Cysts, or dilated and overgrown hair follicles, can occur anywhere on the body where hair grows. Cysts can be superficial or deep, depending on the location of wall of the hair follicle being dilated. They can appear white, flesh-color or red depending on the depth and inflammation of the follicle contents. They start out small but can become quite large as the contents accumulate in the sac. For the most part these are benign lesions, but they can grow and become tender causing disability and even scarring.
If these are in bothersome areas (body folds, scalp, back) they can become subject to repetitive trauma and consequently infection and pain. Rarely what can clinically appear as a cyst could be another type of growth, so excising it allows for microscope confirmation of a benign lesion. At Michigan Dermatology Institute, we prefer to treat the spots that are at risk of infection and scarring to avoid these unnecessary consequences.

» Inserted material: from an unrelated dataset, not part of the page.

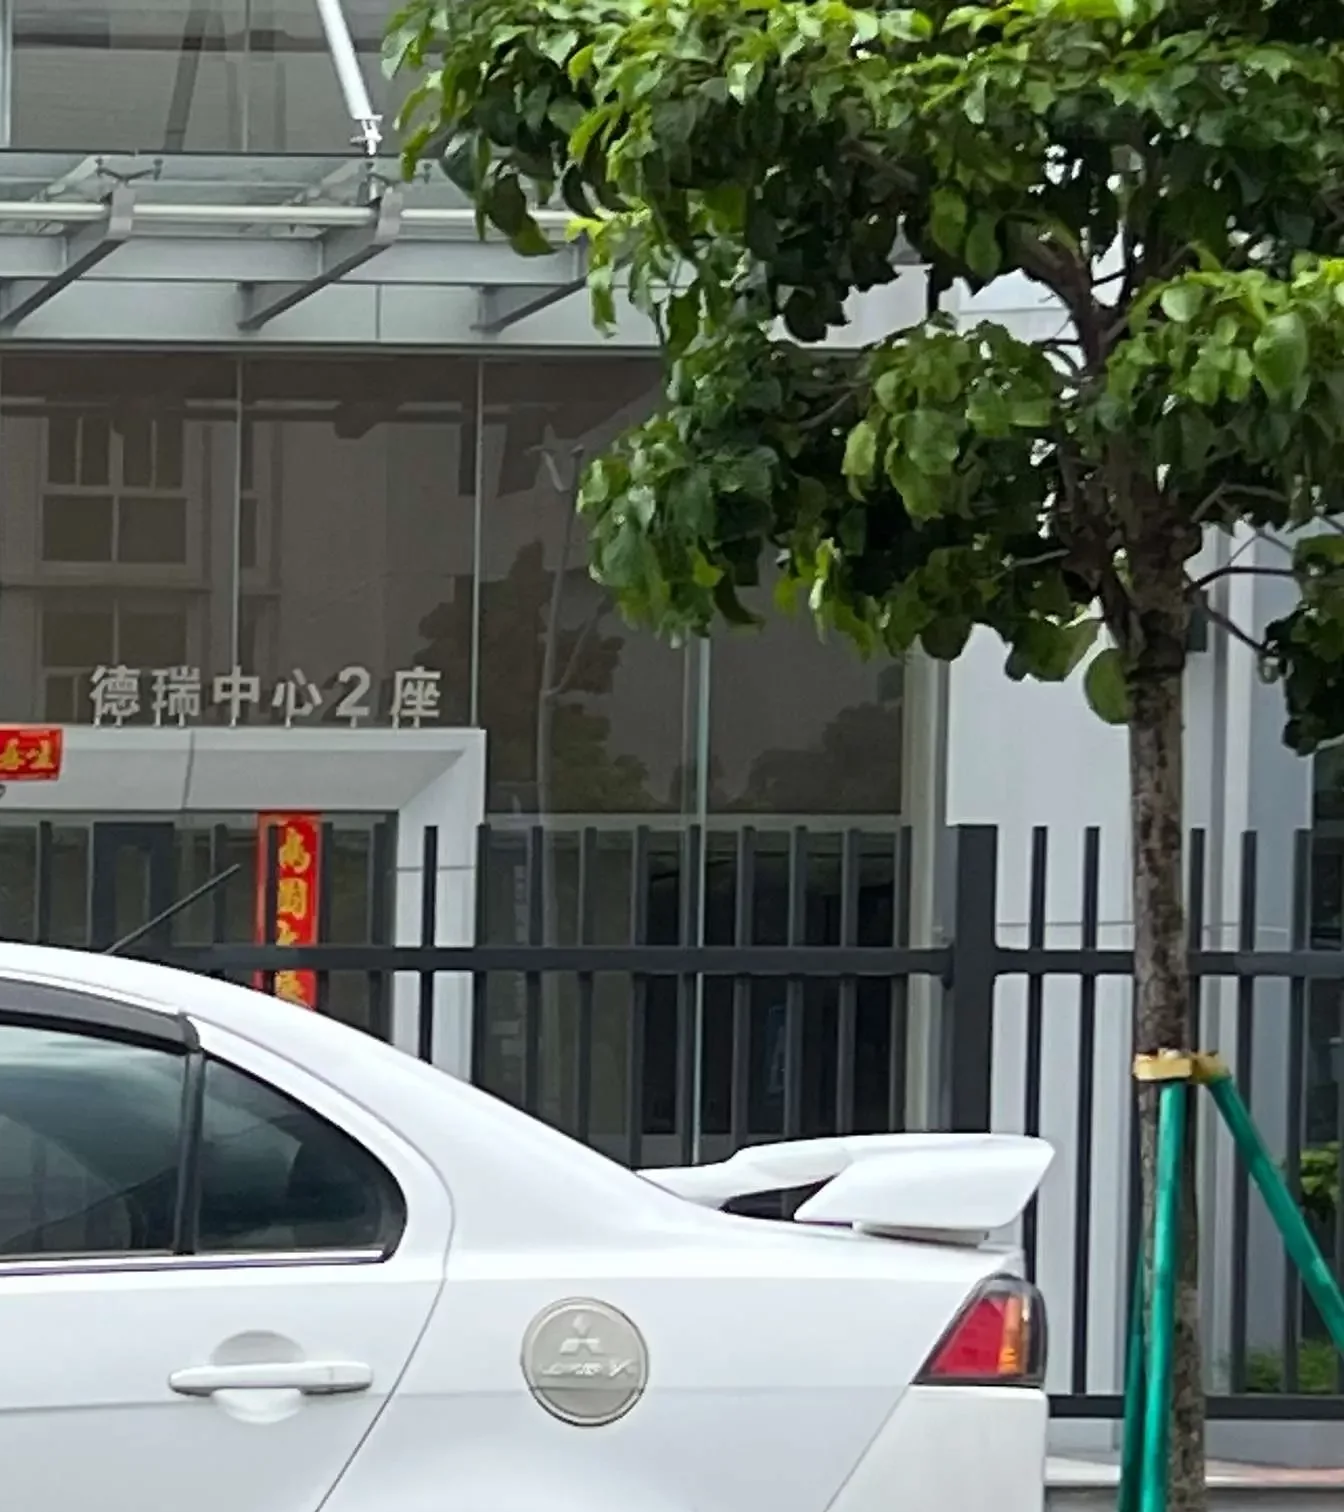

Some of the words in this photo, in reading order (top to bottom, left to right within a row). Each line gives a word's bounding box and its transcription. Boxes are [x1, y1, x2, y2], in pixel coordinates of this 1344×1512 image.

[89, 664, 442, 718] 德瑞中心2座

Q: Why am I getting cysts?
A: Unfortunately these are just common growths that happen to many people. There is some part that is inherited, and some part is environmental (skin care and activities affecting the follicles). Once they form they do not go away, so if they are becoming bothersome it is best to treat the cyst while it is as small as possible to avoid scarring.
Q: What kinds of treatments are available?
A: There are many options available to treat these spots, ranging from procedures (incision and drainage, destruction via curettage or chemosurgery, benign excision) to medical therapies (topicals and orals). The important thing is to understand the risks, benefits and expectations of each treatment option.